After a moment’s thought, it is realized that the best place to perform
this divination would be the Winter Queen’s old grotto. This means
sneaking back through the upstairs of the bookstore next to the old
department store, which means Siddy feels her obligation to return the
bag of weed she swiped some time ago. Fortunately the budget will
stretch to a few boxes of brownie mix.

When Thess tries to divine the location of the box (technically, the
lock to which the key they have belongs) in the Berkeley Hills, the
pendulum refuses to give a location. When she lets it swing freely,
though, it settles on a street in south Berkeley that she knows very
well, because it’s where Sean lives.

No one can think of a good reason for Sean to have that particular box,
and Thess refuses to believe it could be coincidence, so in a fit of
unchangelinglike reasonableness, they decide to go ask him about it. On
the way out, Siddy drops off the special brownies for the bookstore
guys, but then in a rookie mistake she sticks around to harvest some
Glamour from them.

With the now completely baked Siddy, the group make their way to
the apartment where Sean lives and was having a pretty good day
until a gang of weirdos showed up to give him shit and ask about
his sordid romantic past. It turns out he knows exactly the house
with cypress trees everyone is looking for, because he had a brief
affair with James, the (once and future?) Prince of Spring.

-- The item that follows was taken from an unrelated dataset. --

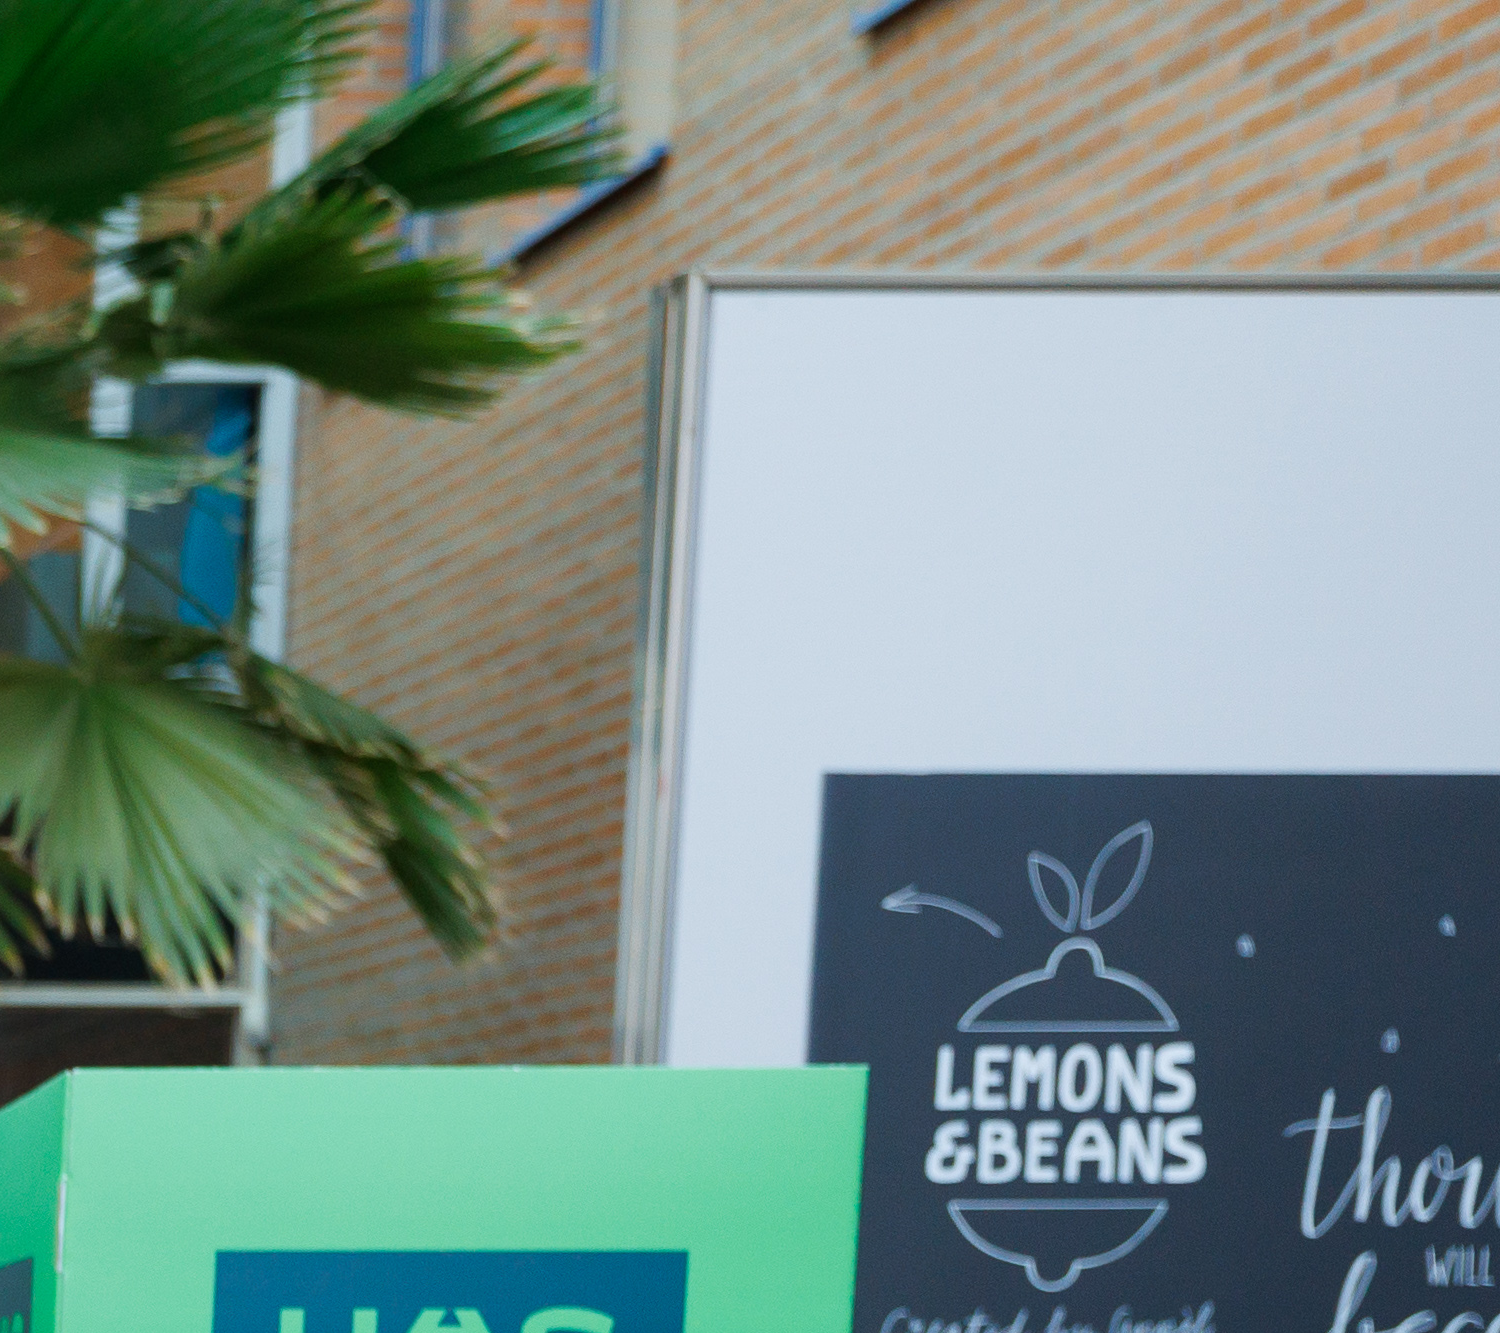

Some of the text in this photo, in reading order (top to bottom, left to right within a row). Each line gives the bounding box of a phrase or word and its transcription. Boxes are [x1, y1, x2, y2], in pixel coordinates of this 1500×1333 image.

James is probably not the kind of person they can just walk up to and
ask about Secret Changeling Monarchy Stuff, so they spend the rest of
the afternoon chilling at Sean’s while Siddy braids Theophania’s hair
like a particularly stoned spider weaving a web.

 

Read (graphic novel): Princess at Midnight (Andi Watson): A small girl’s dream picnics with dragons and pretty dresses are interrupted by Military Adventurism.

Written (game design): 363:

There were a lot of maybes in all that waffle, let’s try to sort some
out.

I had put the cost of 1d6 damage at 2 partly because I wanted to leave
the option of buying 1/2d6, but if we do go with ranks, then is one rank
of Blast going to give 1/2d6? That makes the standard 10d6 superheroic
attack 20 ranks, which is a lot. I think increments of 1d6 are fine,
even if I did initially buy my Kaiju Academy character 1 1/2d6 Str. Does
that mean a rank of Blast costs 1 point? That might be too chonky even
for me, but we can leave the decision until we figure out whether
there’s anything that costs half as much per rank as Blast.

Do we even really want ranks instead of active points? It makes
adjustment a lot easier, but you can’t really put a -1/4 limitation on
the 2 point cost of a rank without going back into fractional points.
Either the limitation has to be on the total cost, in which case it’s
not that different from active points, or we have to add/subtract the
cost per rank, which is a lot like having only +1 advantages and -1
limitations (though not exactly).

Do we need +1/4 advantages and -1/4 limitations? Maybe that
can be swept under the skirts of special effect, but +1/2 or -1/2
(armor-piercing, costs End) is big enough that it should be accounted
for. Even if we put the modifiers on the whole cost, identifying ranks
as the units to be adjusted is still worthwhile, though, right?

What about powers like Barrier, which in 6E have multiple attributes to buy
(size, Body, Def)? Does one rank get you X, Y, and Z of the different
attributes, and if you want less than that, take a limitation? That’s
pretty much how Entangle already is in 6E, so sure.

Gavel emoji. Buy powers in ranks, apply modifiers to the overall cost.